The problem:
Locate and copy each line in the data that contains the word "Требует".

Records from a data collection:

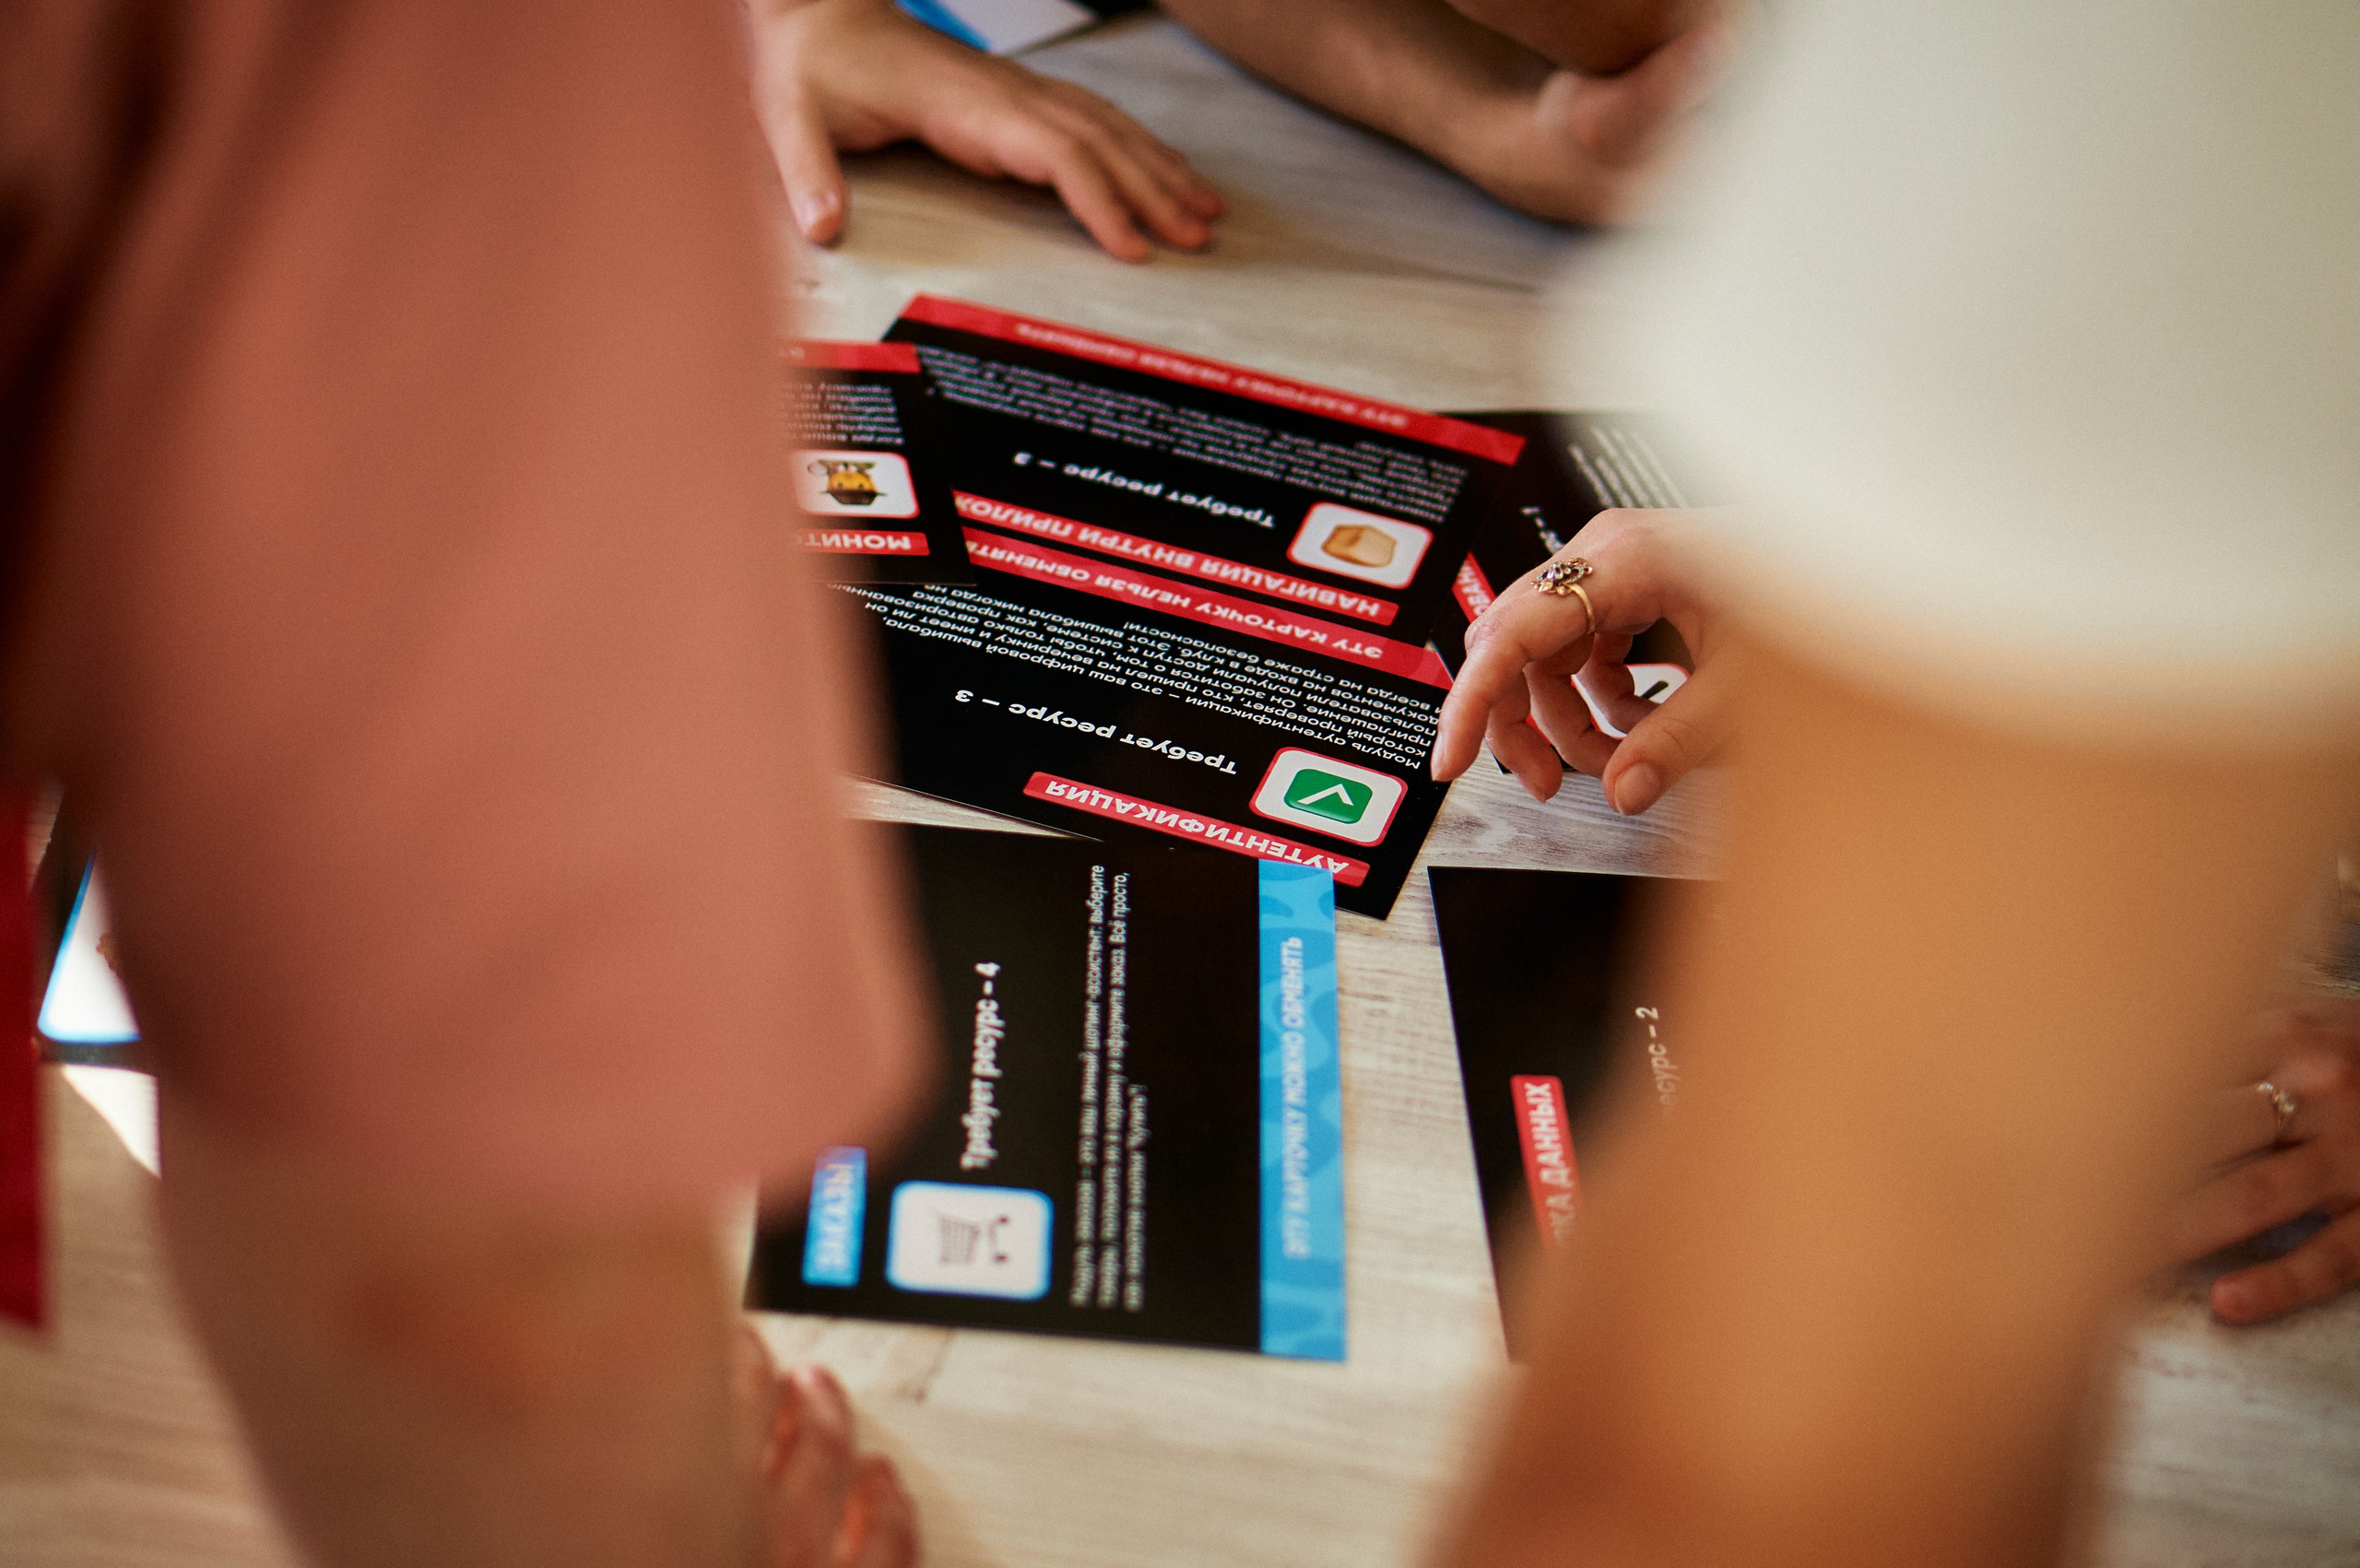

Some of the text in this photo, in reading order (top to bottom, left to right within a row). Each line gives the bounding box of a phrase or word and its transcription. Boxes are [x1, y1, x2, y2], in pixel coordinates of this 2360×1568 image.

[1013, 452, 1032, 465] 3
[1063, 464, 1163, 496] ресурс
[1165, 490, 1274, 527] Требует
[1077, 526, 1195, 569] ВНУТРИ
[1093, 573, 1191, 607] НЕЛЬЗЯ
[1198, 558, 1380, 616] НАВИГАЦИЯ
[881, 616, 983, 648] вышибала,
[983, 619, 1044, 641] только
[1194, 602, 1328, 644] КАРТОЧКУ
[924, 584, 1441, 726] документов на входе в клуб. Этот вышибала никогда не
[985, 643, 1085, 675] цифровой
[1049, 636, 1105, 656] чтобы
[1112, 651, 1148, 668] том,
[1122, 621, 1259, 664] безопасности!
[1331, 638, 1383, 658] ЭТУ
[863, 601, 1426, 758] который проверяет, кто пришел на вечеринку и имеет ли он
[912, 590, 1436, 737] пользователи получали доступ к системе, как проверка
[1088, 669, 1127, 686] ваш
[1153, 664, 1166, 672] о
[1263, 658, 1335, 682] страже
[954, 689, 974, 702] 3
[1130, 681, 1163, 695] это
[1169, 667, 1266, 699] заботится
[1338, 678, 1363, 690] на
[1365, 686, 1431, 711] всегда
[1268, 694, 1296, 708] Он
[1008, 702, 1117, 738] ресурс
[1185, 695, 1346, 745] аутентификации
[1303, 703, 1432, 747] приглашение.
[1118, 733, 1236, 774] Требует
[1351, 741, 1421, 769] Модуль
[1044, 780, 1350, 878] АУТЕНТИФИКАЦИЯ
[1085, 864, 1108, 924] выберите
[1111, 871, 1130, 917] просто,
[1108, 919, 1127, 945] Всё
[974, 961, 1000, 978] 4
[1109, 946, 1126, 986] заказ.
[1278, 936, 1306, 1029] ОБМЕНЯТЬ
[1105, 986, 1127, 1059] оформите
[1634, 1006, 1658, 1020] 2
[971, 998, 1004, 1078] ресурс
[960, 1077, 999, 1169] Требует
[1523, 1079, 1571, 1191] ДАННЫХ
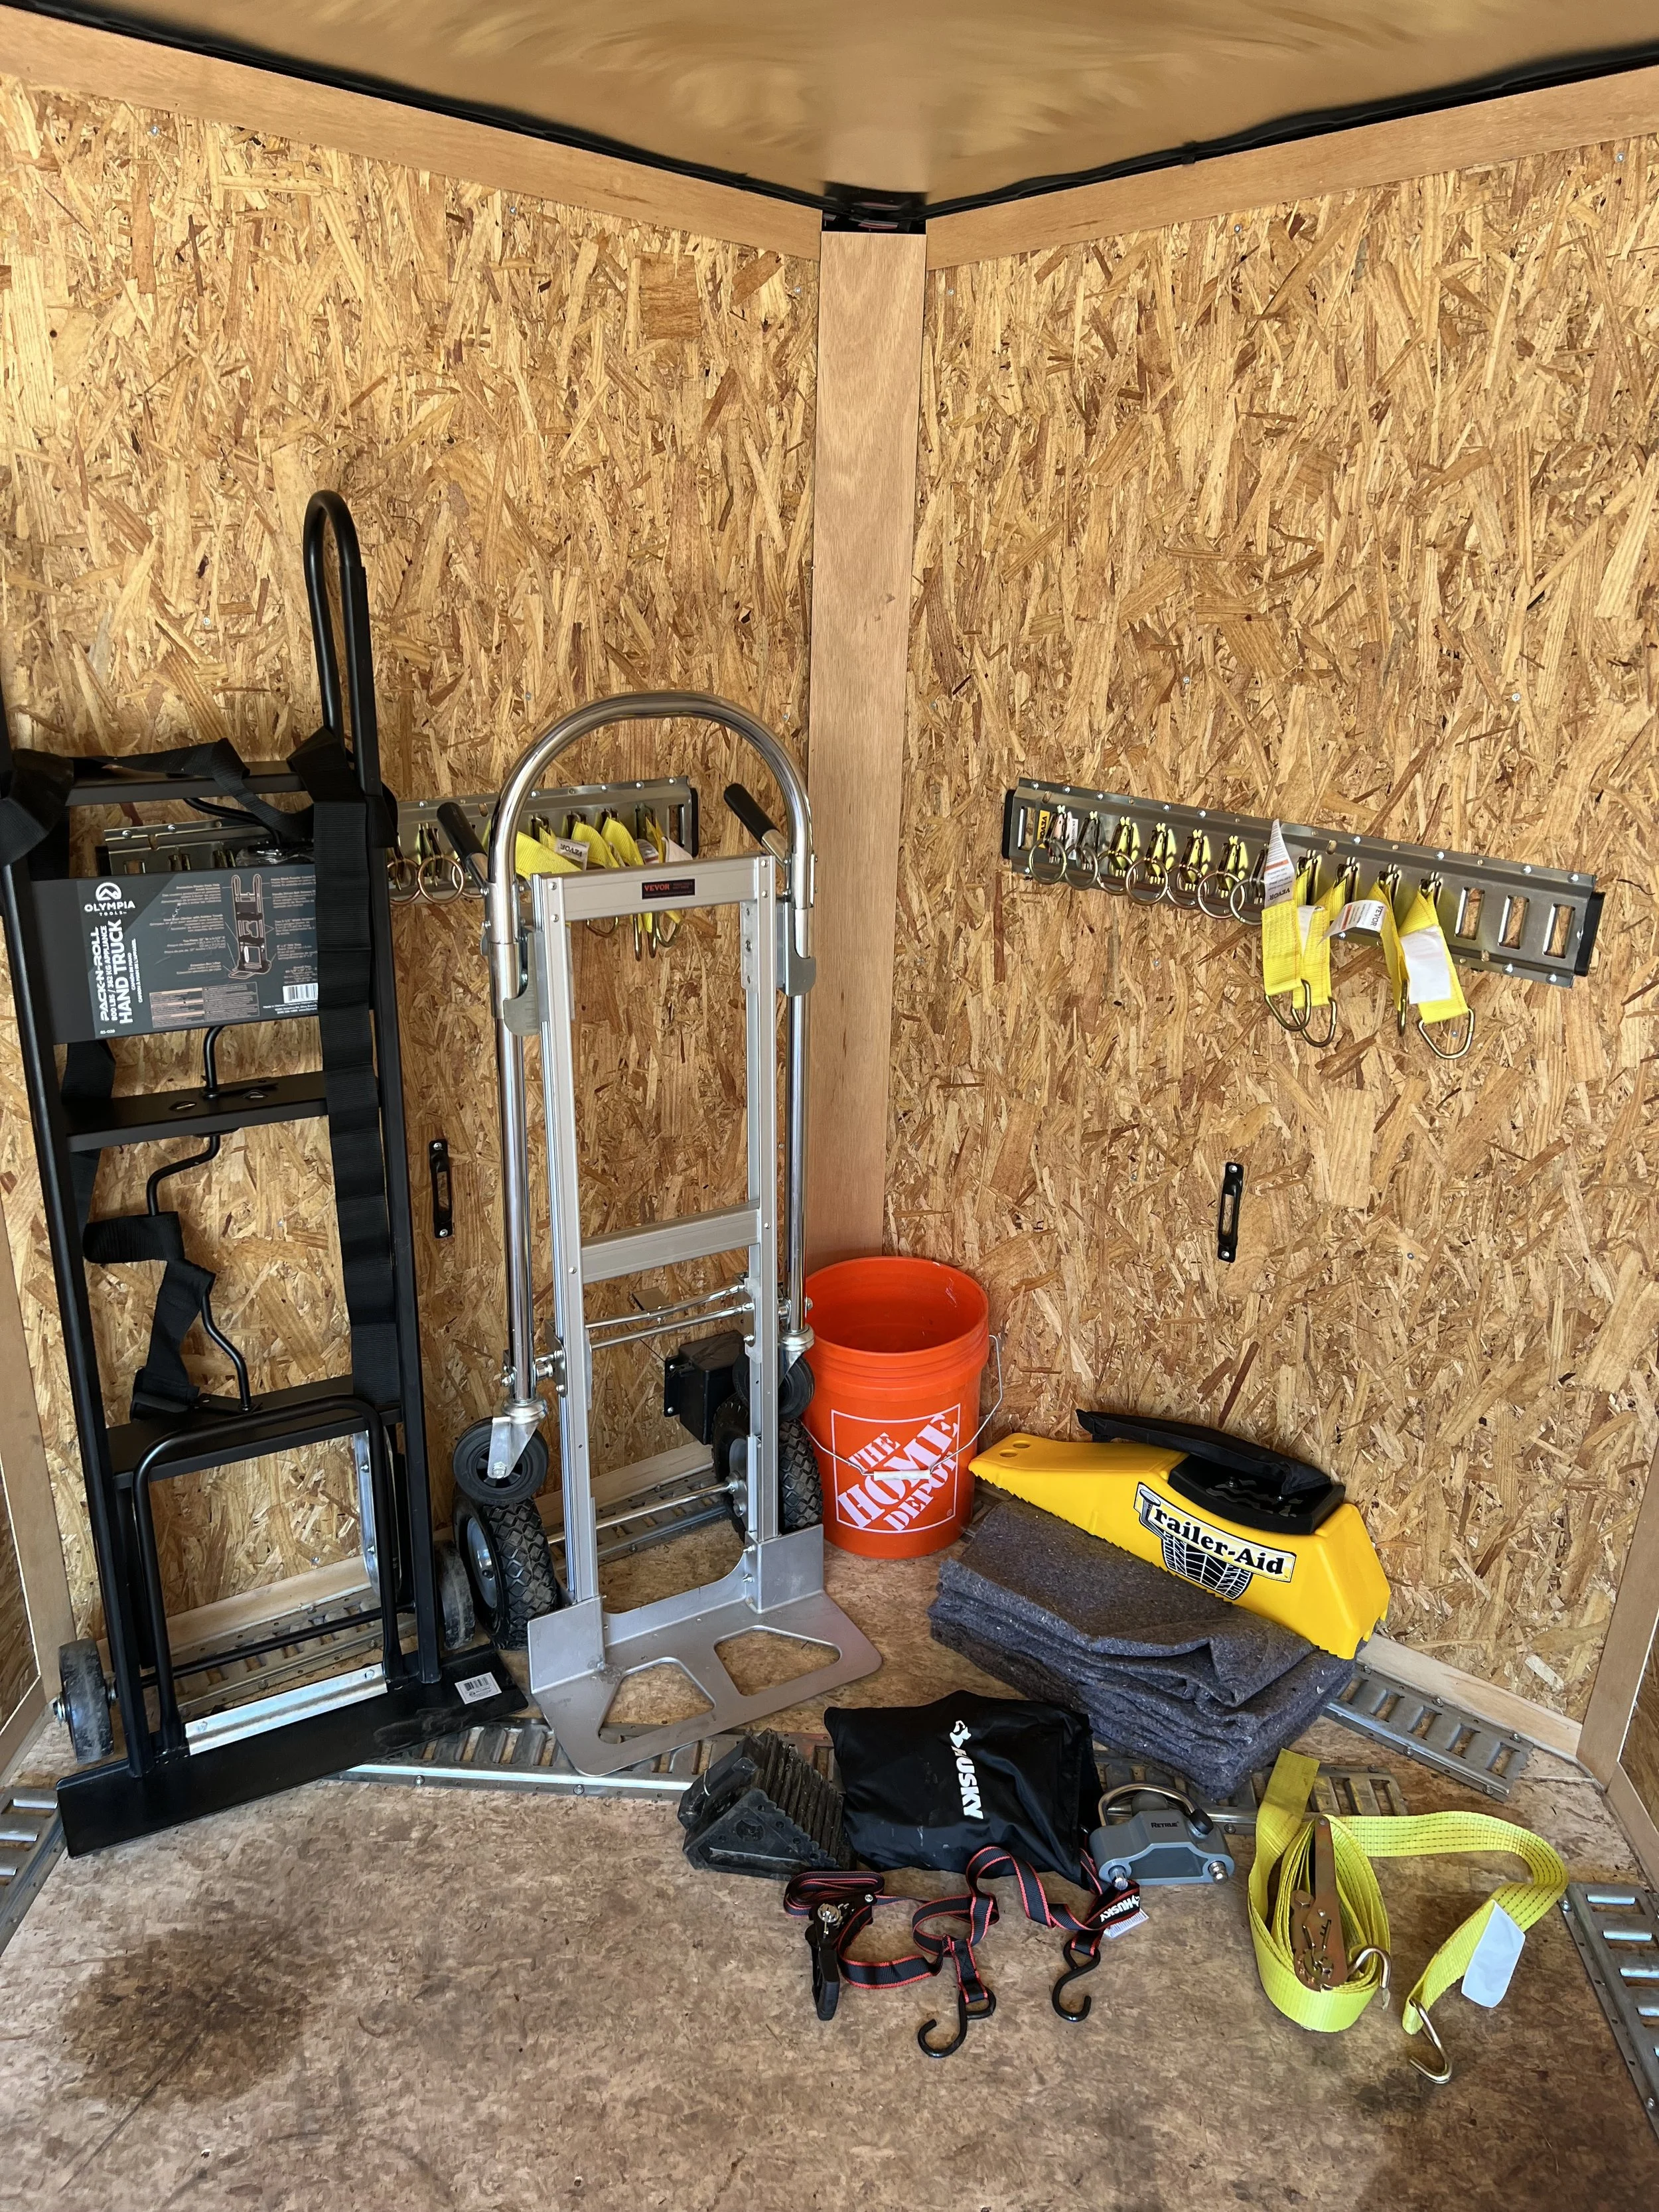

Written solution:
[1165, 490, 1274, 527] Требует
[1118, 733, 1236, 774] Требует
[960, 1077, 999, 1169] Требует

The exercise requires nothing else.